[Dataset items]
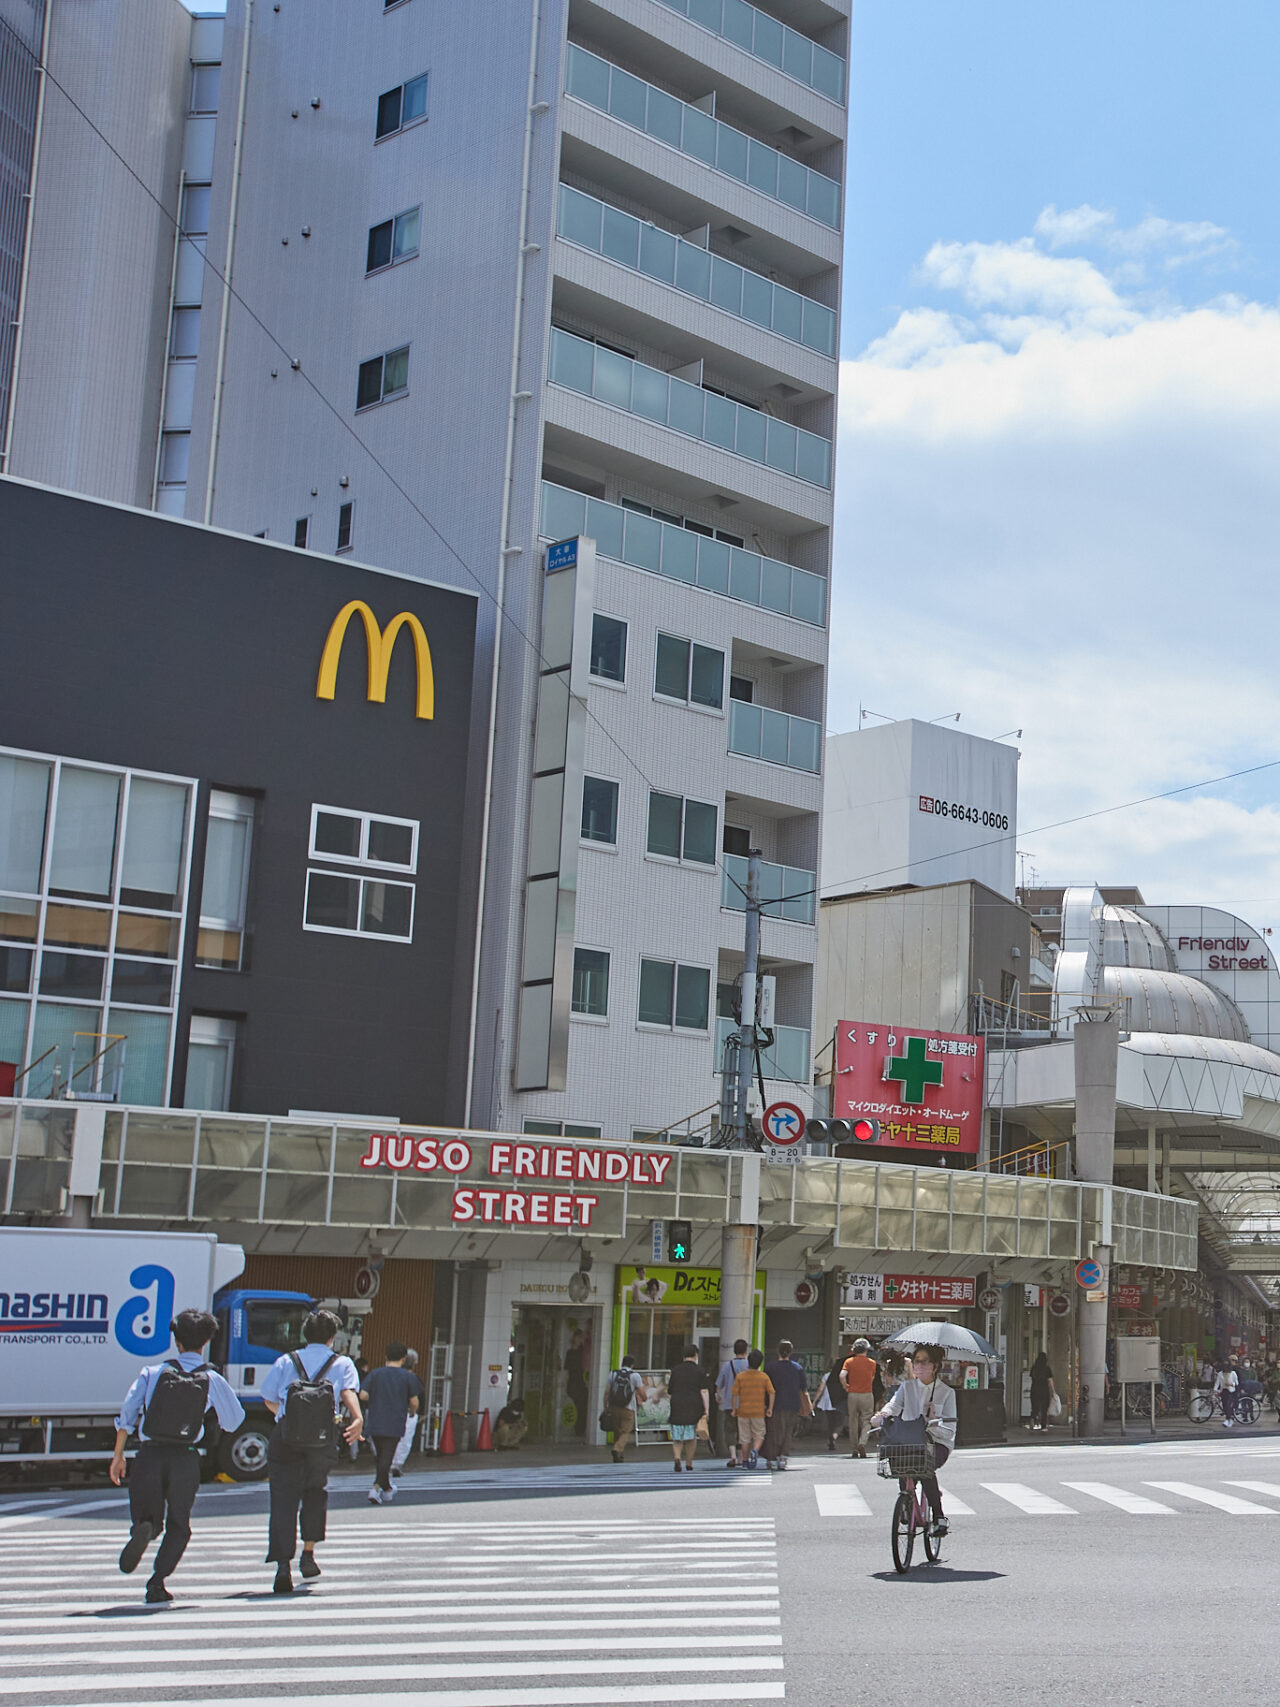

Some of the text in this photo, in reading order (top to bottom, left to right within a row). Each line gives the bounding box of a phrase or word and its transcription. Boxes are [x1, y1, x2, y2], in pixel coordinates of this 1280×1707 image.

[1178, 936, 1250, 951] Friendly
[1208, 955, 1268, 970] Street
[847, 1029, 897, 1047] くすり
[361, 1134, 672, 1185] JUSO FRIENDLY
[451, 1189, 599, 1227] STREET
[850, 1275, 882, 1288] 処方せん
[853, 1289, 877, 1301] 調剤
[900, 1280, 974, 1300] タキヤ十三薬局
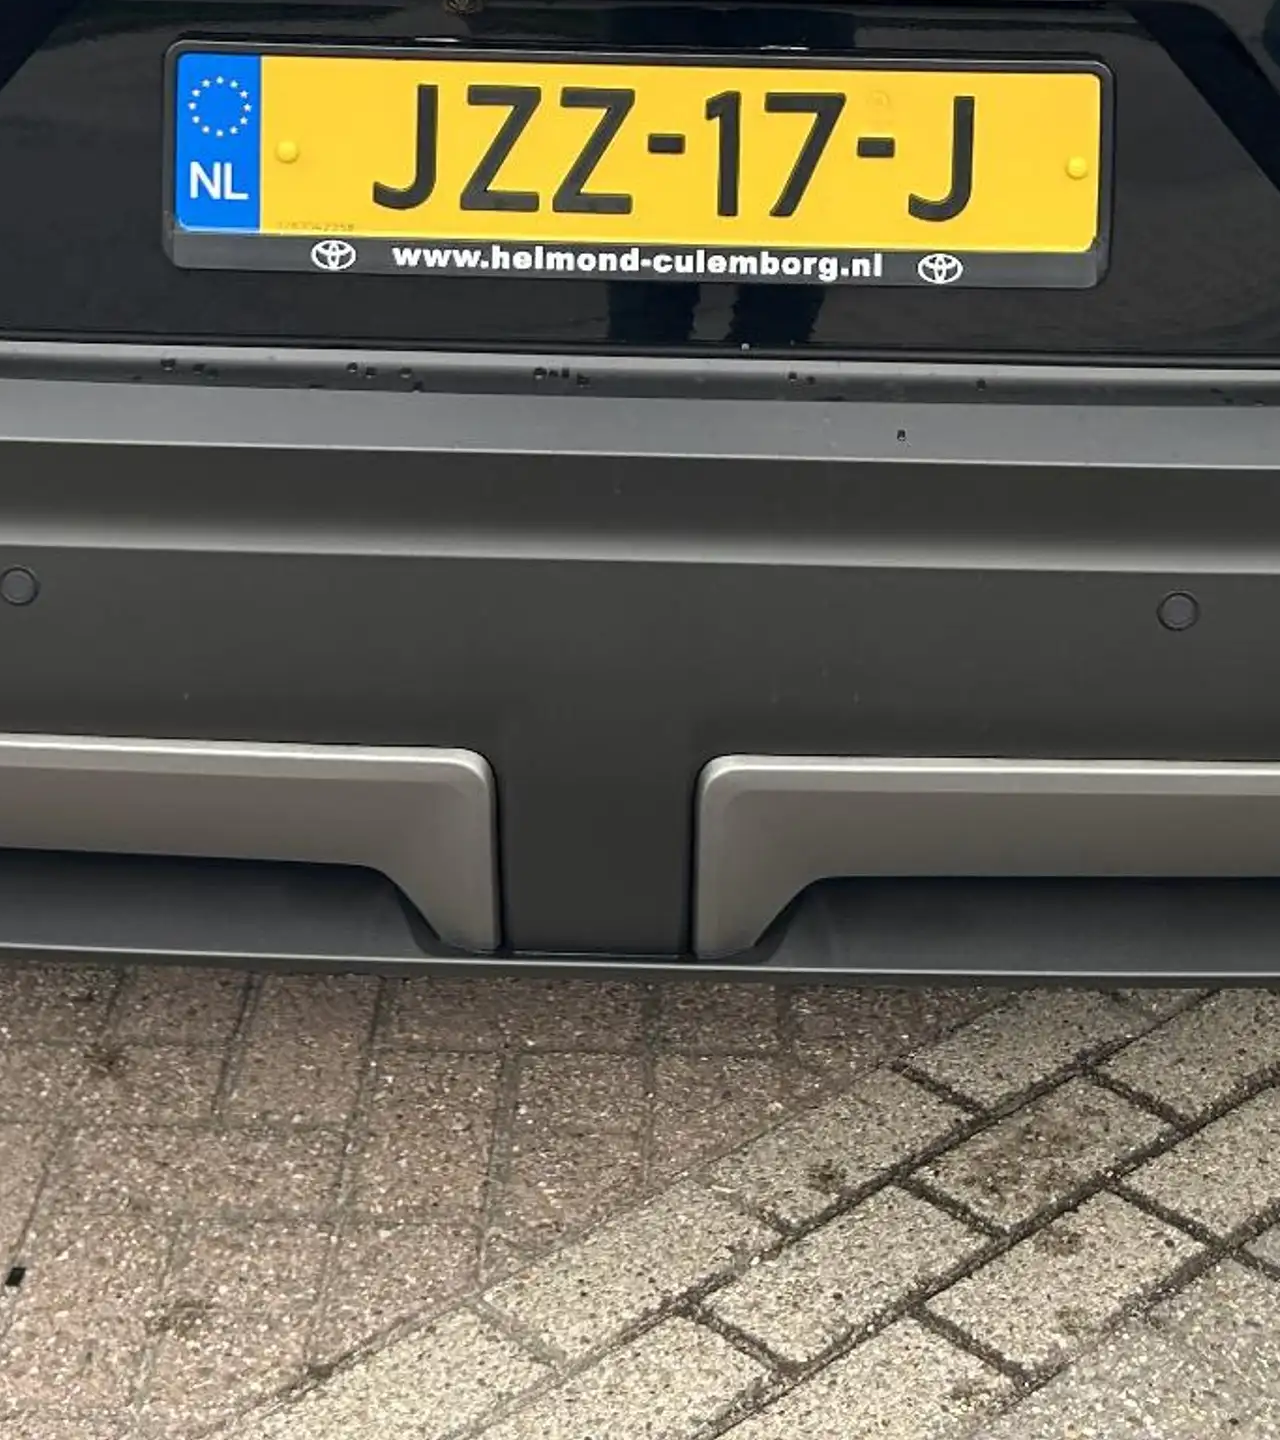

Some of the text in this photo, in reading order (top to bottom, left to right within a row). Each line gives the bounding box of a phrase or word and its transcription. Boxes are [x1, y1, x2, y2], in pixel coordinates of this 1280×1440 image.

[372, 83, 976, 222] JZZ-17-J
[189, 160, 250, 201] NL
[392, 244, 883, 281] www.helmond-culemborg.nl

(Exercise aim):
Transcribe the records word for word and include no pictures.

(Reply):
Some of the text in this photo, in reading order (top to bottom, left to right within a row). Each line gives the bounding box of a phrase or word and its transcription. Boxes are [x1, y1, x2, y2], in pixel coordinates of this 1280×1707 image.

[1178, 936, 1250, 951] Friendly
[1208, 955, 1268, 970] Street
[847, 1029, 897, 1047] くすり
[361, 1134, 672, 1185] JUSO FRIENDLY
[451, 1189, 599, 1227] STREET
[850, 1275, 882, 1288] 処方せん
[853, 1289, 877, 1301] 調剤
[900, 1280, 974, 1300] タキヤ十三薬局

Some of the text in this photo, in reading order (top to bottom, left to right within a row). Each line gives the bounding box of a phrase or word and its transcription. Boxes are [x1, y1, x2, y2], in pixel coordinates of this 1280×1440 image.

[372, 83, 976, 222] JZZ-17-J
[189, 160, 250, 201] NL
[392, 244, 883, 281] www.helmond-culemborg.nl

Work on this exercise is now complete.